Enquanto recursos foram alocados para iniciativas como a ampliação da infraestrutura de saúde, a construção de creches e o incentivo à agricultura familiar, propostas emblemáticas como o programa "Mães da EJA", a criação de uma Guarda Municipal e o Centro Odontológico para Autistas ficaram de fora.

Para quem apostava em continuidade e planejamento, a ausência de previsões para essas áreas expõe uma falha de alinhamento entre o discurso político e as necessidades administrativas. É como se o orçamento fosse entregue sem os ajustes necessários para transformar o programa de governo em um plano de ação viável.

Lucinha, que atuou como vice-prefeita até 2024, teve a oportunidade de influenciar diretamente o PLOA 2025 antes de enviá-lo à Câmara. No entanto, o levantamento das propostas sugere que essa transição não foi conduzida com a devida atenção para garantir que suas promessas estivessem no orçamento.

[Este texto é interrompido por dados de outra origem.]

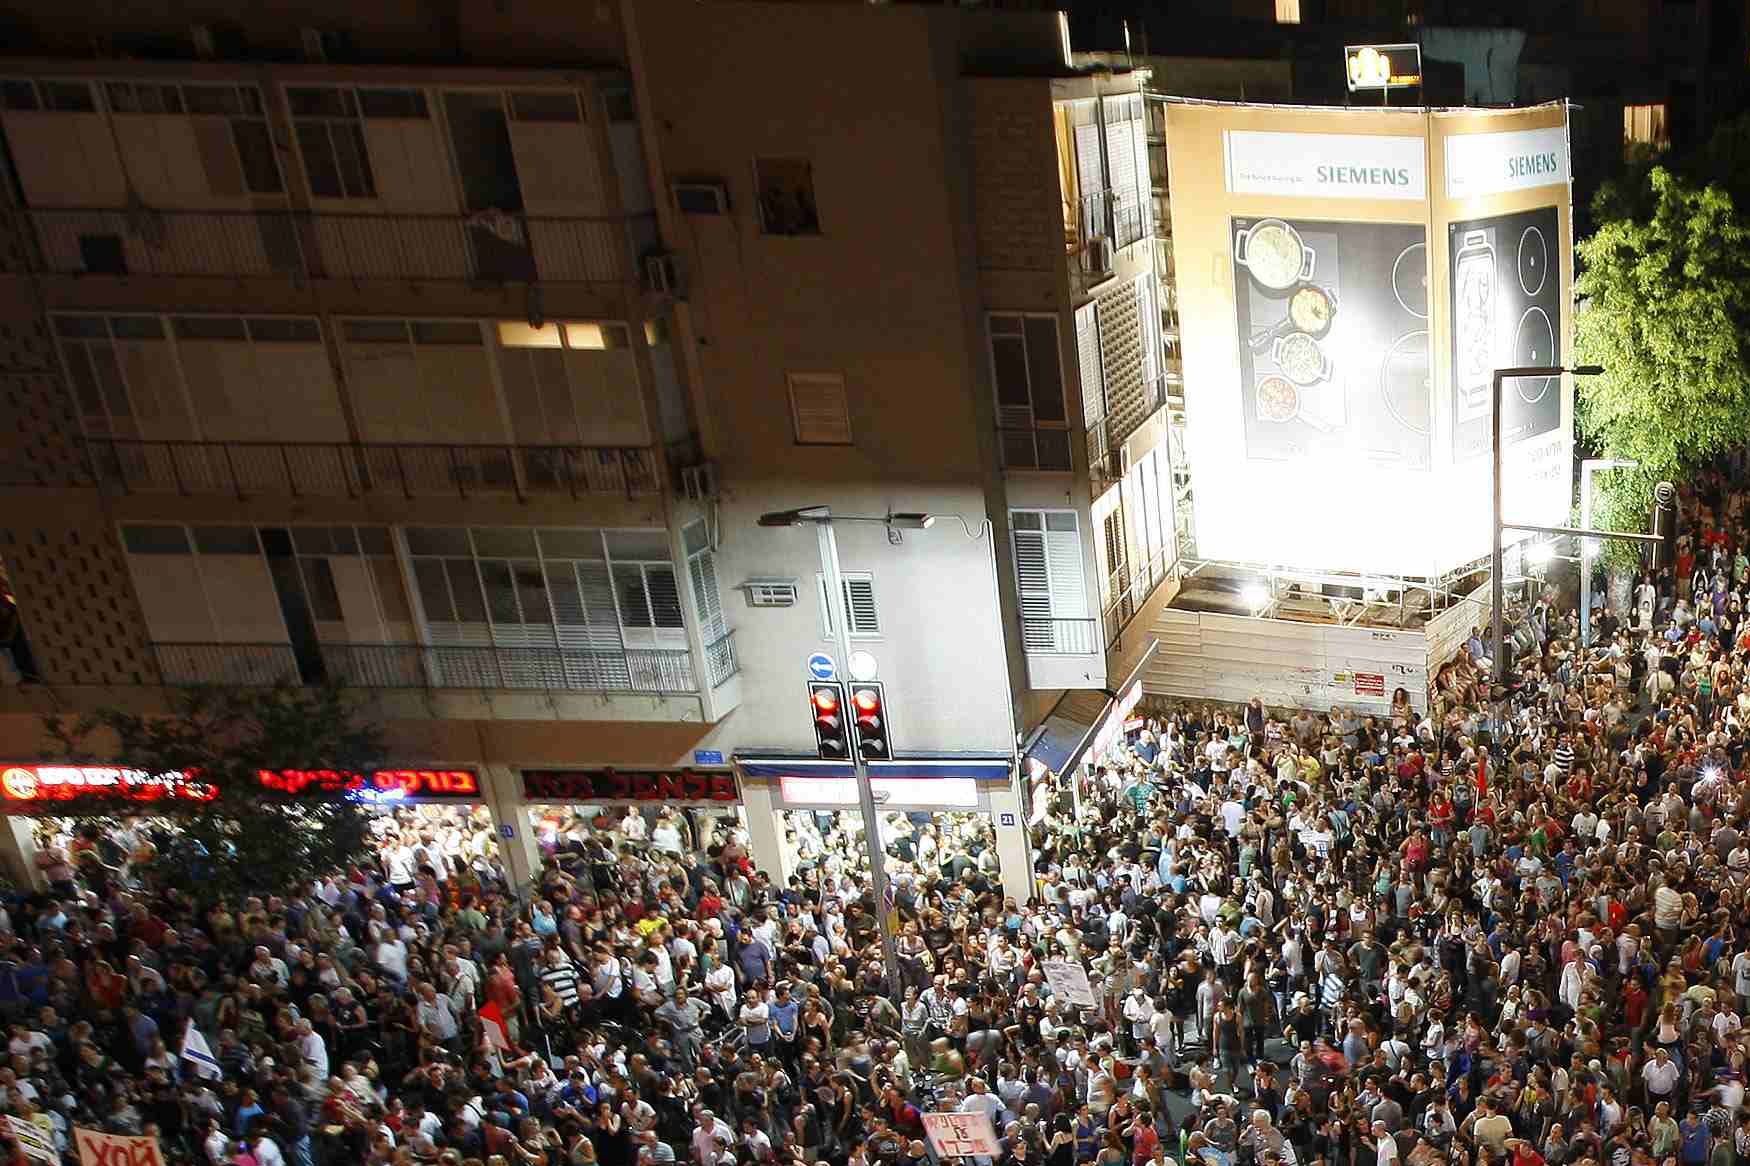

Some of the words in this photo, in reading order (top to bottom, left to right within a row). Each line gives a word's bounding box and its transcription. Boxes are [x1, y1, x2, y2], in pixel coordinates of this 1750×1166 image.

Esse descuido será uma arma nas mãos da oposição, que não apenas conquistou o comando da Casa de José Paulo de França, mas também demonstrou força ao eleger uma mesa diretora liderada pela vereadora Djá Moura. O descompasso entre promessas e orçamento será usado para minar a credibilidade de Lucinha, que já começa seu mandato sob questionamentos judiciais e políticos.

A nova composição da Câmara é um divisor de águas na política mariense. Com uma liderança independente e uma bancada mista, o Legislativo tem o potencial de atuar como um contrapeso ao Executivo. No entanto, essa independência também significa que a prefeita dependerá de habilidade política para aprovar suplementações e ajustar o orçamento.

Sem diálogo, Lucinha corre o risco de enfrentar um Legislativo que usará o orçamento como campo de batalha política. Sua fala deslegitimando a posse oficial na Câmara apenas reforça essa tensão e dificulta o caminho para negociações futuras.

O cenário atual de Marí oferece lições importantes: promessas bonitas no papel não bastam, elas precisam de orçamento e articulação política para sair do discurso. Quando Lucinha ignorou a solenidade de posse na Câmara, desrespeitou não apenas o Legislativo, mas também o próprio compromisso com o diálogo que pregou durante sua campanha.

E agora, a prefeita terá que lidar com uma pergunta que certamente ecoará ao longo de seu mandato: "Se havia R$ 136 milhões disponíveis, por que duas em cada três promessas ficaram de fora?"

Enquanto o orçamento para 2025 começa a ser executado, as ruas estarão atentas. Porque, em Marí, como em qualquer lugar, o eleitor espera mais do que discursos. Ele espera resultados. E, quando as promessas não cabem no orçamento, é responsabilidade da prefeita explicar como corrigirá o rumo.

"Eu sou apenas um reflexo de vocês, que enxergam, mas não podem falar. Continuarei observando, porque em Marí, o que não está no orçamento, não está no futuro."